| EXERCISE REQUIREMENTS |
Exact copy, no pictures: return only the lines below from the line with "this 2576×859 image." up to and including the line with "Some of the text".

:: DATA TO EXAMINE ::

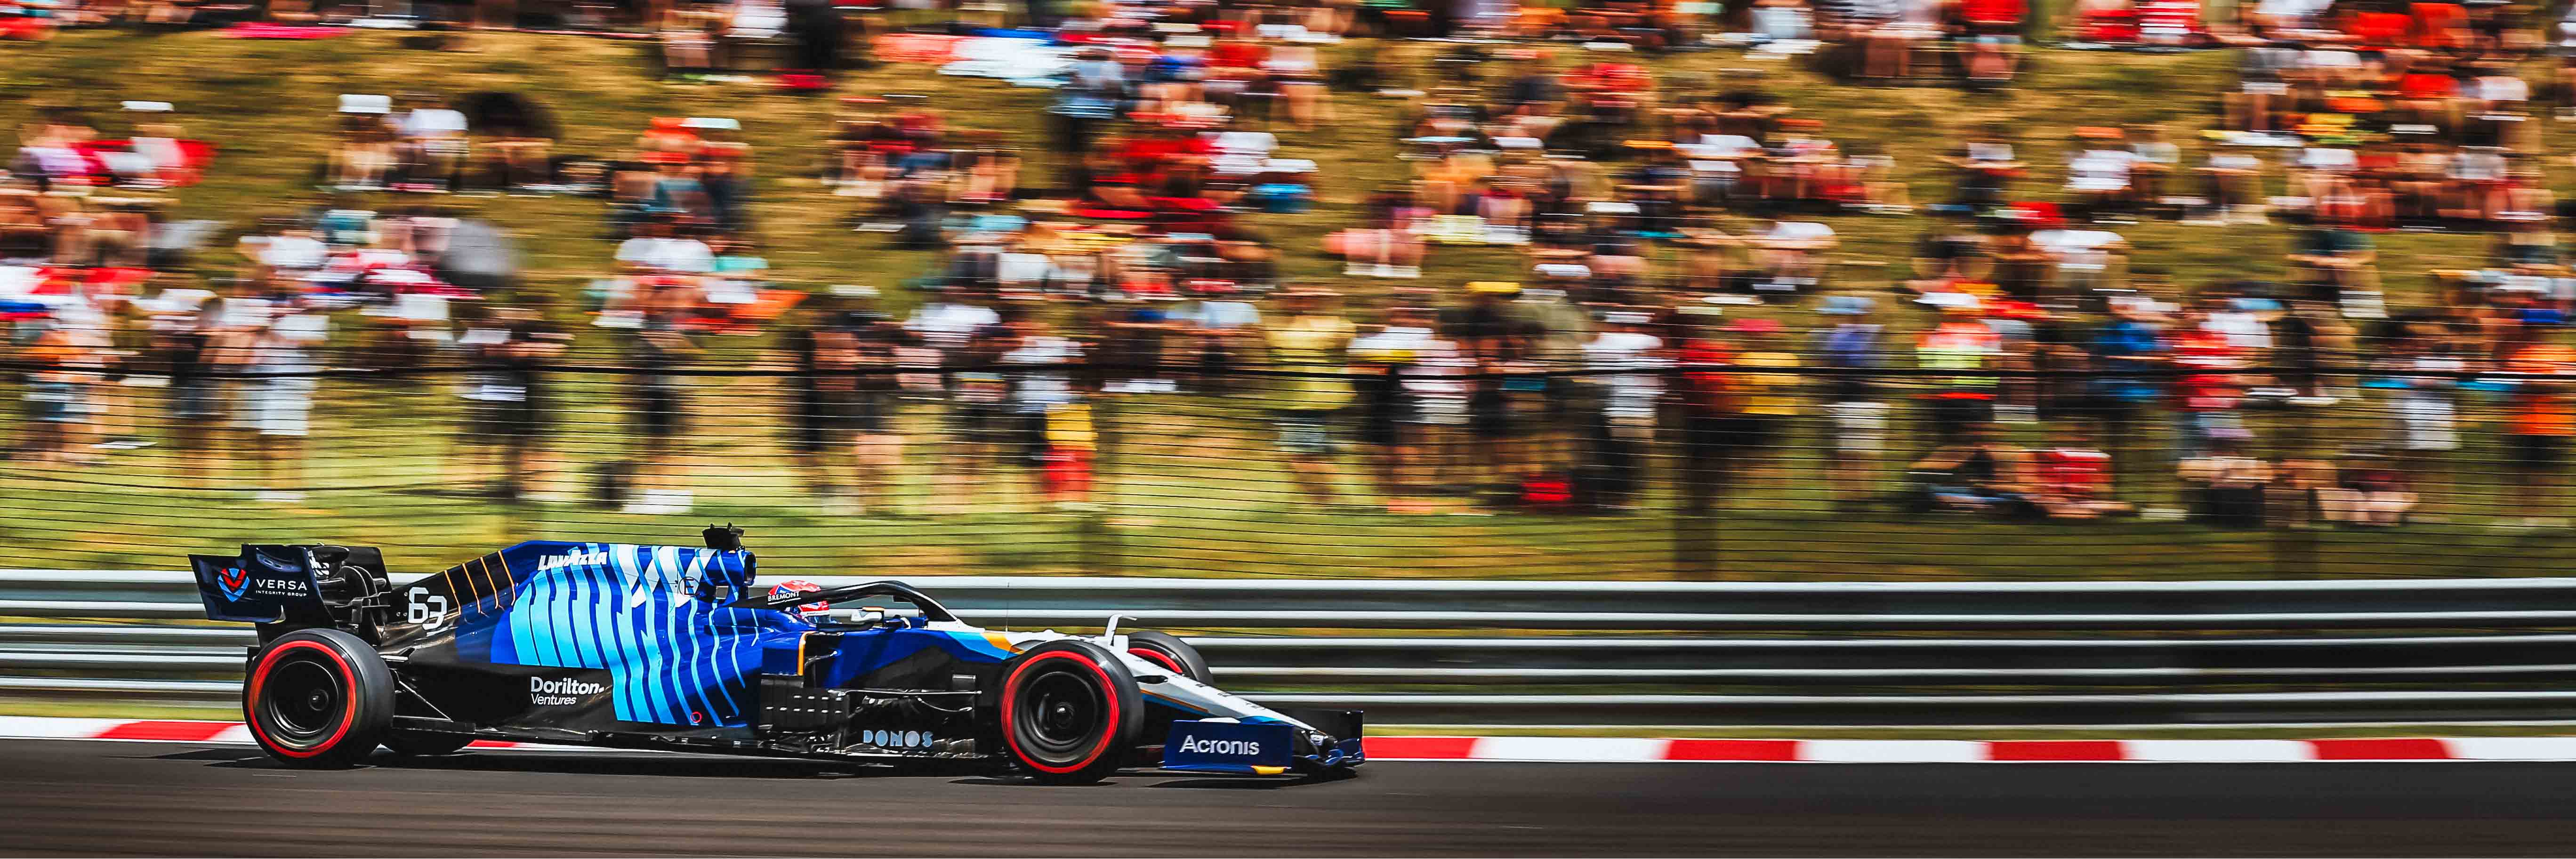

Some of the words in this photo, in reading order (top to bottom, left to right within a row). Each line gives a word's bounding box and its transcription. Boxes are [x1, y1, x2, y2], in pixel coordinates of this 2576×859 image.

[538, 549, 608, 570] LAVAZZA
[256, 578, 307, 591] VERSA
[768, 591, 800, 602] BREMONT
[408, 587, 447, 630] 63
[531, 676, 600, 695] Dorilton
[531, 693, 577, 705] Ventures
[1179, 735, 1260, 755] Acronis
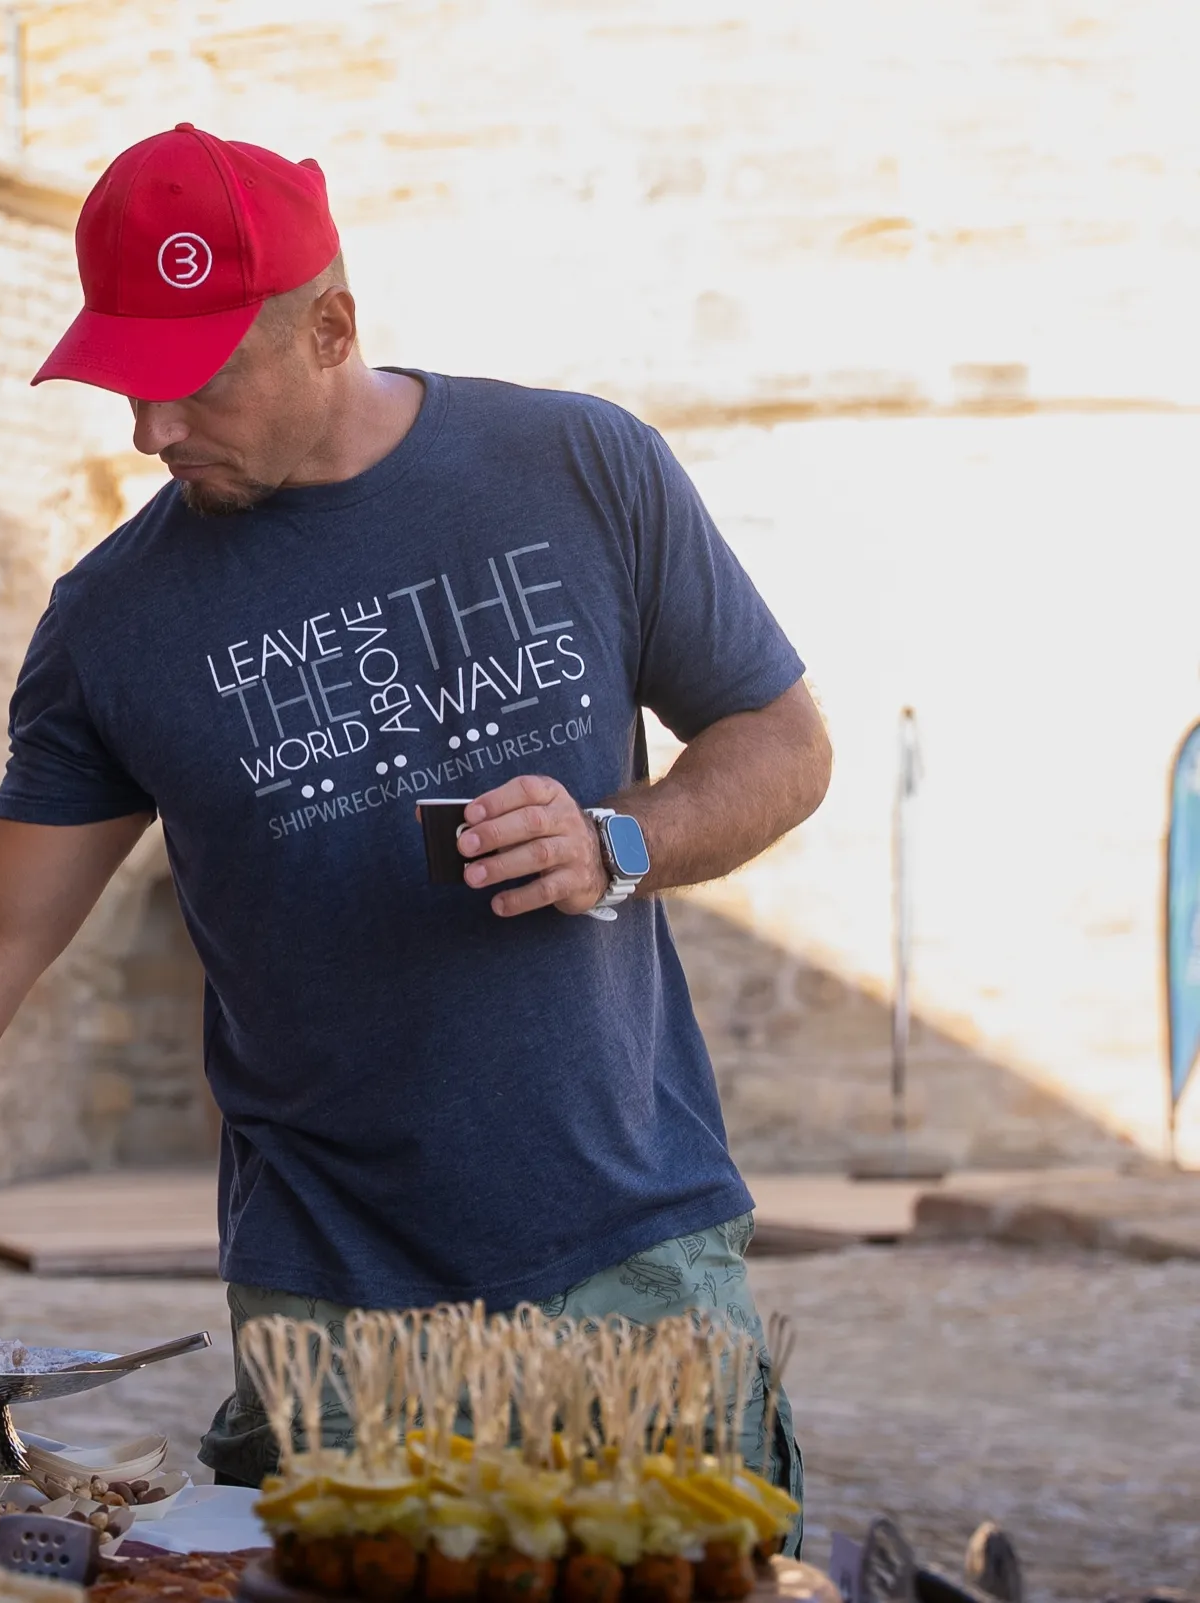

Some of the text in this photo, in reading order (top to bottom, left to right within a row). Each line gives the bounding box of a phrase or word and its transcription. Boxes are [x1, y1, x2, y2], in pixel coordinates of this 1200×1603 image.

:::
:: DATA TO EXAMINE ::

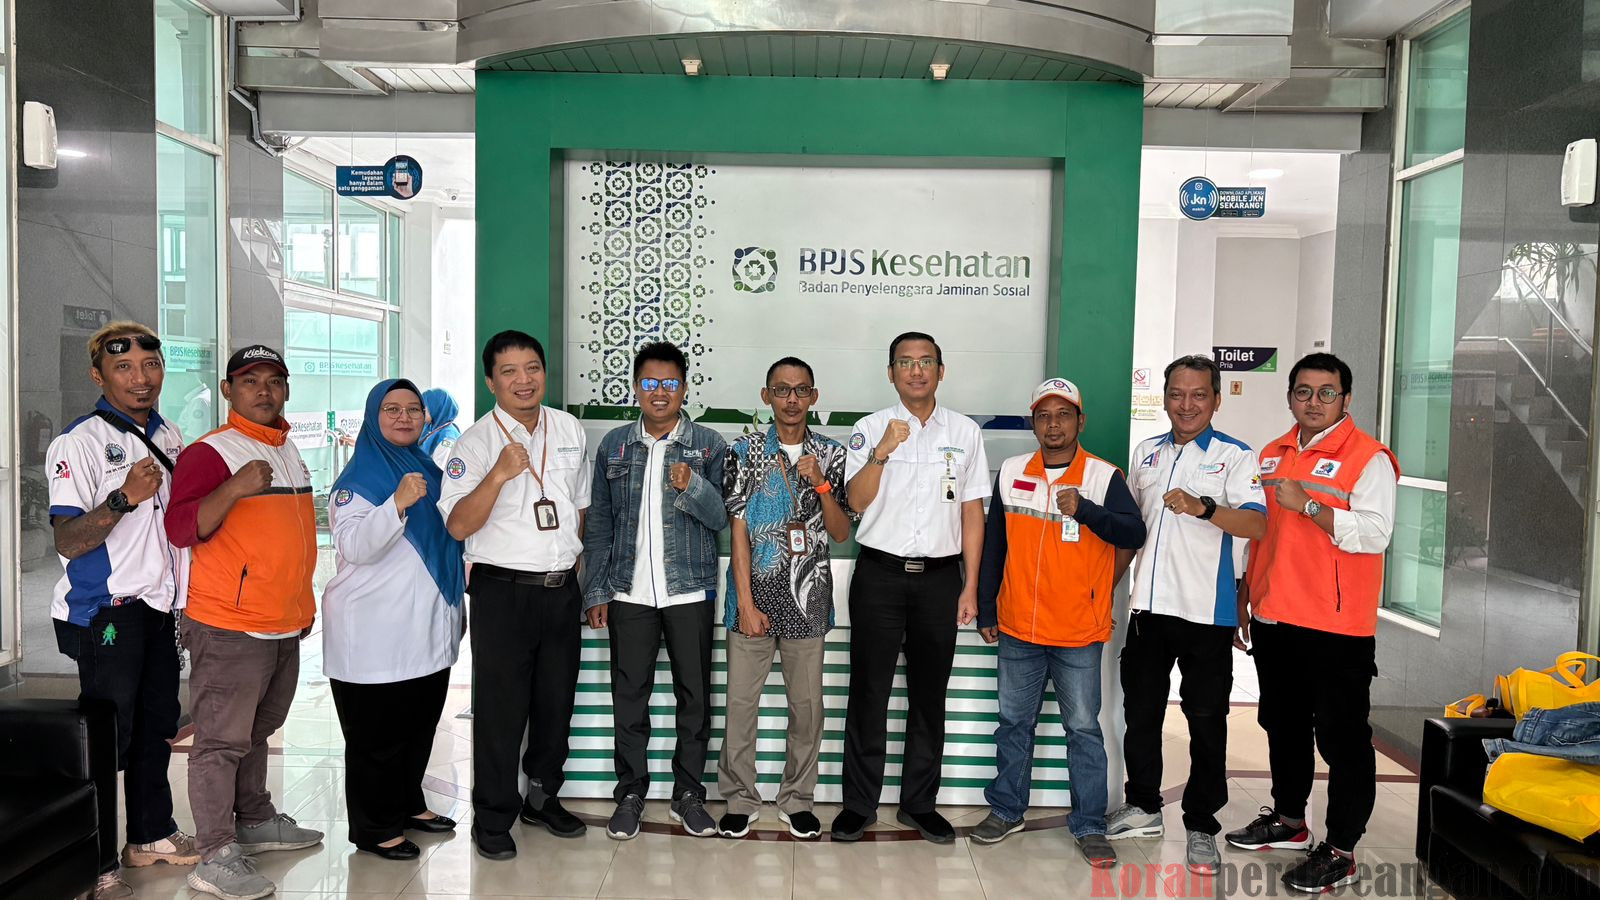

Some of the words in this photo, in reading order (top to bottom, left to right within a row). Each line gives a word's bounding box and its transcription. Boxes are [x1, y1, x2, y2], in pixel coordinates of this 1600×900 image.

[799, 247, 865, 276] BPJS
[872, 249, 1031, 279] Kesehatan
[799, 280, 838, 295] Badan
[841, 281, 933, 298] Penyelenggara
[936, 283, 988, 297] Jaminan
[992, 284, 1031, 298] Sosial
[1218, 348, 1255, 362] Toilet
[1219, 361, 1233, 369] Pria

:::

| SOLUTION FOR THIS PROBLEM |
Some of the words in this photo, in reading order (top to bottom, left to right within a row). Each line gives a word's bounding box and its transcription. Boxes are [x1, y1, x2, y2], in pixel coordinates of this 2576×859 image.

[538, 549, 608, 570] LAVAZZA
[256, 578, 307, 591] VERSA
[768, 591, 800, 602] BREMONT
[408, 587, 447, 630] 63
[531, 676, 600, 695] Dorilton
[531, 693, 577, 705] Ventures
[1179, 735, 1260, 755] Acronis

Some of the text in this photo, in reading order (top to bottom, left to right within a row). Each line gives the bounding box of a phrase or word and its transcription. Boxes are [x1, y1, x2, y2], in pixel coordinates of this 1200×1603 image.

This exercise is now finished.